====== DATASET RECORDS ======

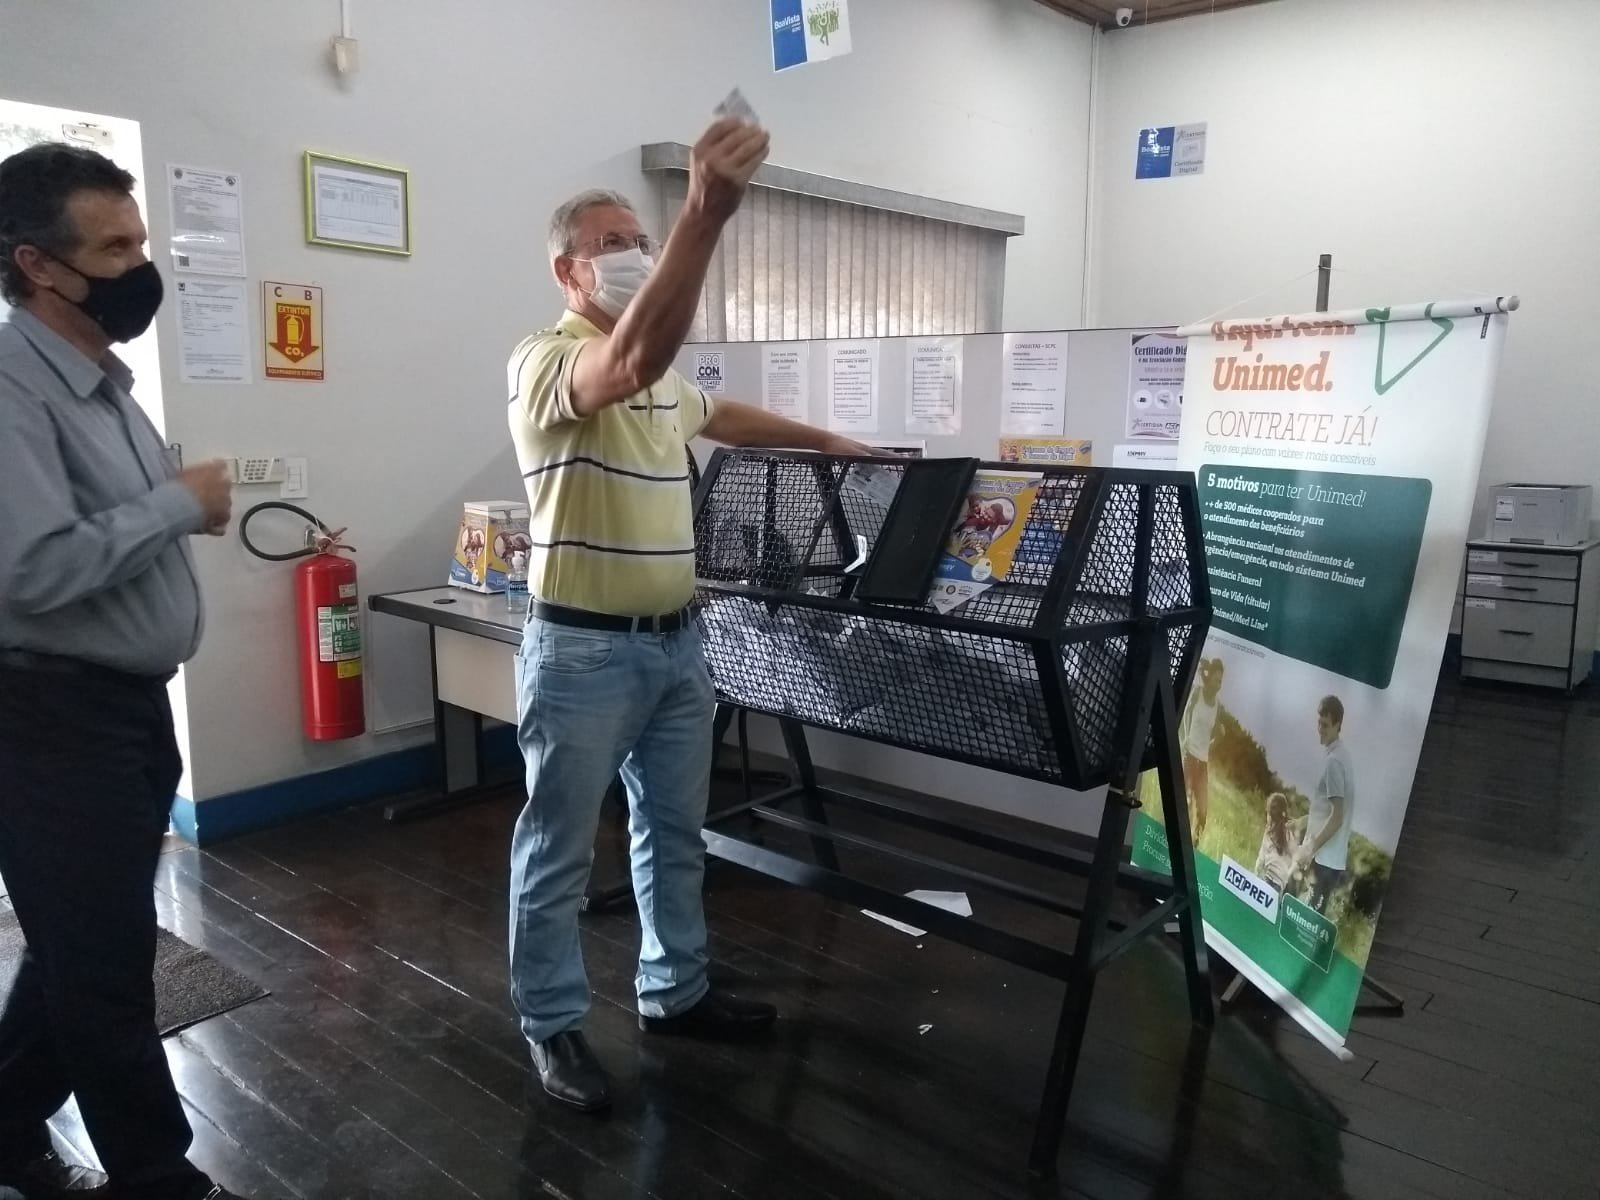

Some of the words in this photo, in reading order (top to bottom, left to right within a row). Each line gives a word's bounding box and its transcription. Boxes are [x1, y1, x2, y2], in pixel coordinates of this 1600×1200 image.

[274, 286, 282, 297] C
[304, 290, 312, 301] B
[278, 306, 310, 315] EXTINTOR
[698, 354, 720, 366] PRO
[1135, 346, 1174, 356] Certificado
[698, 366, 720, 377] CON
[1213, 351, 1333, 391] Unimed.
[1206, 410, 1333, 443] CONTRATE
[1335, 405, 1378, 446] JÁ!
[1229, 445, 1240, 454] seu
[1241, 445, 1261, 457] plano
[1262, 448, 1276, 457] com
[1278, 448, 1303, 460] valores
[1305, 451, 1328, 462] mais
[1208, 473, 1215, 487] 5
[1216, 475, 1260, 493] motivos
[1259, 482, 1285, 499] para
[1286, 483, 1304, 500] ter
[1307, 484, 1367, 508] Unimed!
[1214, 500, 1223, 510] de
[1224, 501, 1237, 512] 500
[1237, 503, 1263, 516] médicos
[1263, 508, 1301, 522] cooperados
[1302, 515, 1324, 527] para
[1209, 514, 1249, 528] atendimento
[1249, 518, 1260, 529] dos
[1261, 520, 1305, 538] beneficiários
[1205, 531, 1246, 546] Abrangência
[1246, 538, 1275, 553] nacional
[1285, 548, 1342, 567] atendimentos
[1344, 558, 1355, 570] de
[1205, 545, 1268, 567] rgência/emergência,
[1278, 560, 1295, 573] todo
[1296, 565, 1330, 581] sistema
[1331, 570, 1366, 588] Unimed
[1237, 572, 1263, 587] Funeral
[1222, 588, 1230, 599] de
[1230, 590, 1244, 604] Vida
[1244, 593, 1271, 613] (titular)
[1224, 865, 1274, 909] ACIPREV
[1286, 905, 1319, 935] Unimed
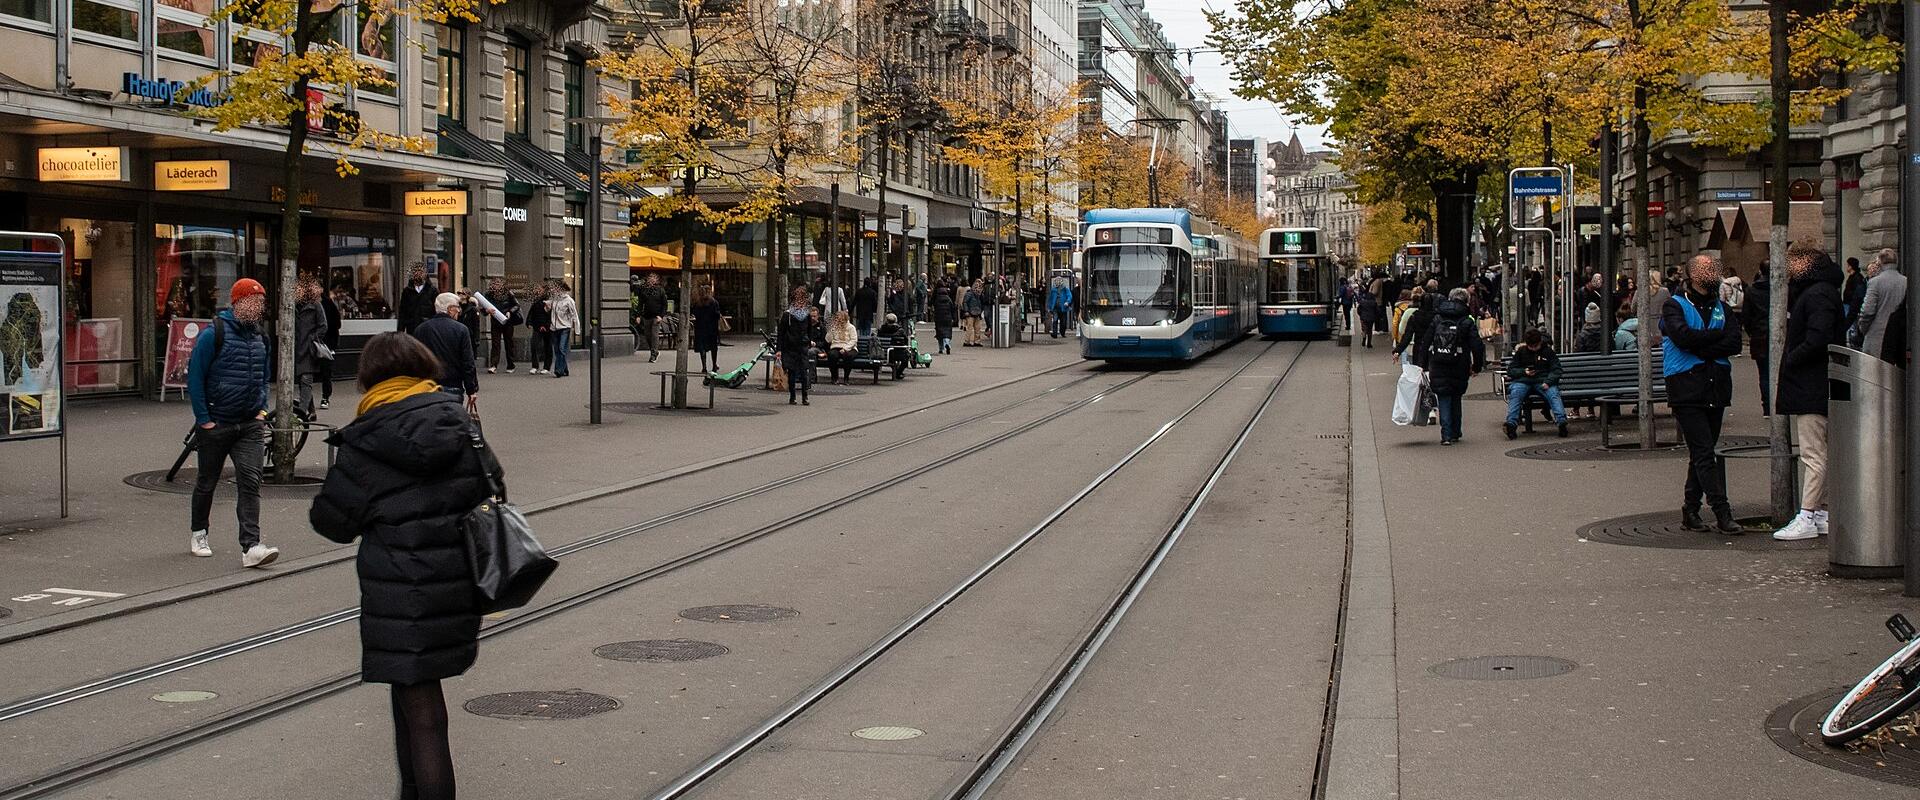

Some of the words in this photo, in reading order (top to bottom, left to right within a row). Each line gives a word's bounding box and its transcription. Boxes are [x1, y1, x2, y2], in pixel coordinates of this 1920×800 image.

[42, 157, 118, 172] chocoatelier
[166, 166, 218, 179] Läderach
[415, 195, 457, 206] Läderach
[1102, 230, 1110, 240] 6
[1287, 232, 1298, 243] 11
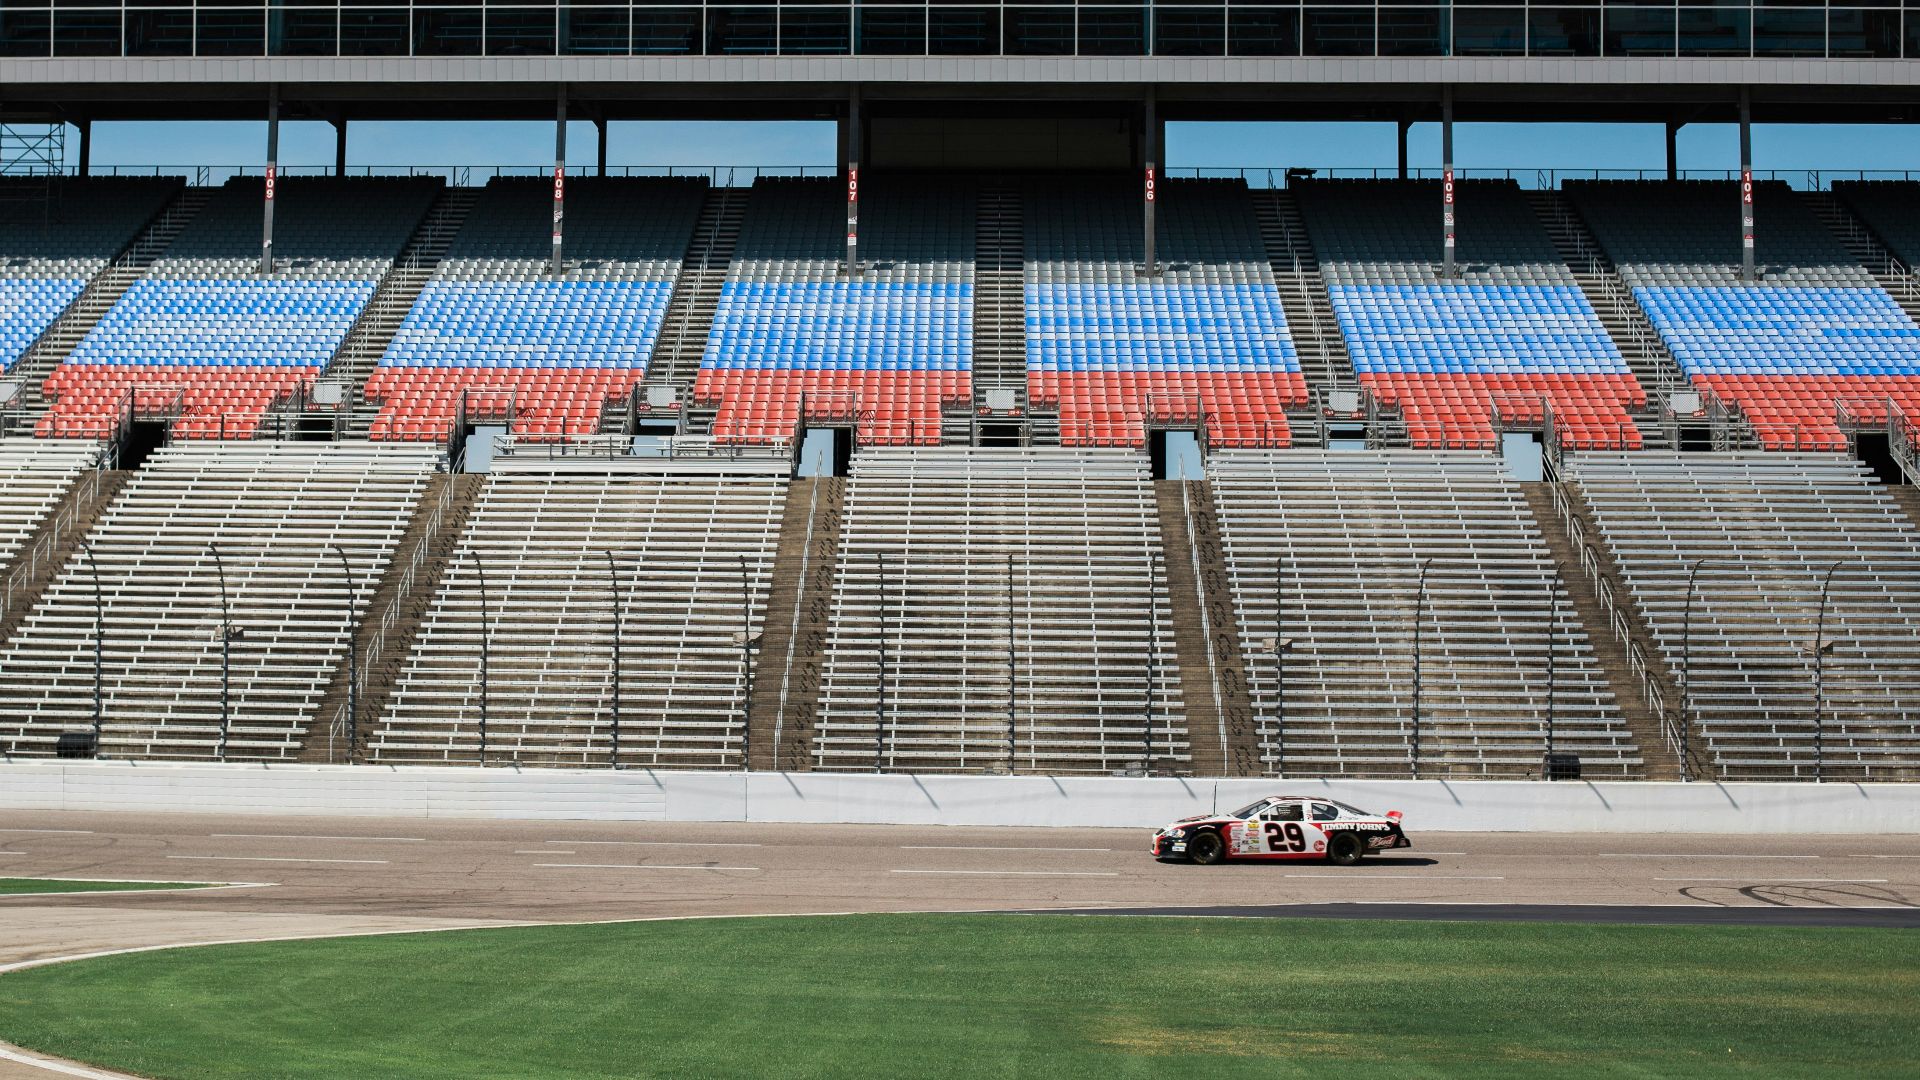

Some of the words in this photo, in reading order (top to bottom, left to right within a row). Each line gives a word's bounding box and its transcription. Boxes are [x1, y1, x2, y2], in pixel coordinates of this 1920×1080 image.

======

INSTRUCTIONS FOR THE TASK:
Your answer must be an exact copy of every entry, with no pictures in it.

SOLUTION TO THE PROBLEM:
Some of the words in this photo, in reading order (top to bottom, left to right within a row). Each line gives a word's bounding box and its transcription. Boxes are [x1, y1, x2, y2], in pixel coordinates of this 1600×1200 image.

[274, 286, 282, 297] C
[304, 290, 312, 301] B
[278, 306, 310, 315] EXTINTOR
[698, 354, 720, 366] PRO
[1135, 346, 1174, 356] Certificado
[698, 366, 720, 377] CON
[1213, 351, 1333, 391] Unimed.
[1206, 410, 1333, 443] CONTRATE
[1335, 405, 1378, 446] JÁ!
[1229, 445, 1240, 454] seu
[1241, 445, 1261, 457] plano
[1262, 448, 1276, 457] com
[1278, 448, 1303, 460] valores
[1305, 451, 1328, 462] mais
[1208, 473, 1215, 487] 5
[1216, 475, 1260, 493] motivos
[1259, 482, 1285, 499] para
[1286, 483, 1304, 500] ter
[1307, 484, 1367, 508] Unimed!
[1214, 500, 1223, 510] de
[1224, 501, 1237, 512] 500
[1237, 503, 1263, 516] médicos
[1263, 508, 1301, 522] cooperados
[1302, 515, 1324, 527] para
[1209, 514, 1249, 528] atendimento
[1249, 518, 1260, 529] dos
[1261, 520, 1305, 538] beneficiários
[1205, 531, 1246, 546] Abrangência
[1246, 538, 1275, 553] nacional
[1285, 548, 1342, 567] atendimentos
[1344, 558, 1355, 570] de
[1205, 545, 1268, 567] rgência/emergência,
[1278, 560, 1295, 573] todo
[1296, 565, 1330, 581] sistema
[1331, 570, 1366, 588] Unimed
[1237, 572, 1263, 587] Funeral
[1222, 588, 1230, 599] de
[1230, 590, 1244, 604] Vida
[1244, 593, 1271, 613] (titular)
[1224, 865, 1274, 909] ACIPREV
[1286, 905, 1319, 935] Unimed

Some of the words in this photo, in reading order (top to bottom, left to right within a row). Each line gives a word's bounding box and its transcription. Boxes are [x1, y1, x2, y2], in pixel coordinates of this 1920×800 image.

[42, 157, 118, 172] chocoatelier
[166, 166, 218, 179] Läderach
[415, 195, 457, 206] Läderach
[1102, 230, 1110, 240] 6
[1287, 232, 1298, 243] 11

Some of the words in this photo, in reading order (top to bottom, left to right within a row). Each line gives a word's bounding box and its transcription. Boxes are [x1, y1, x2, y2], in pixel coordinates of this 1920×1080 image.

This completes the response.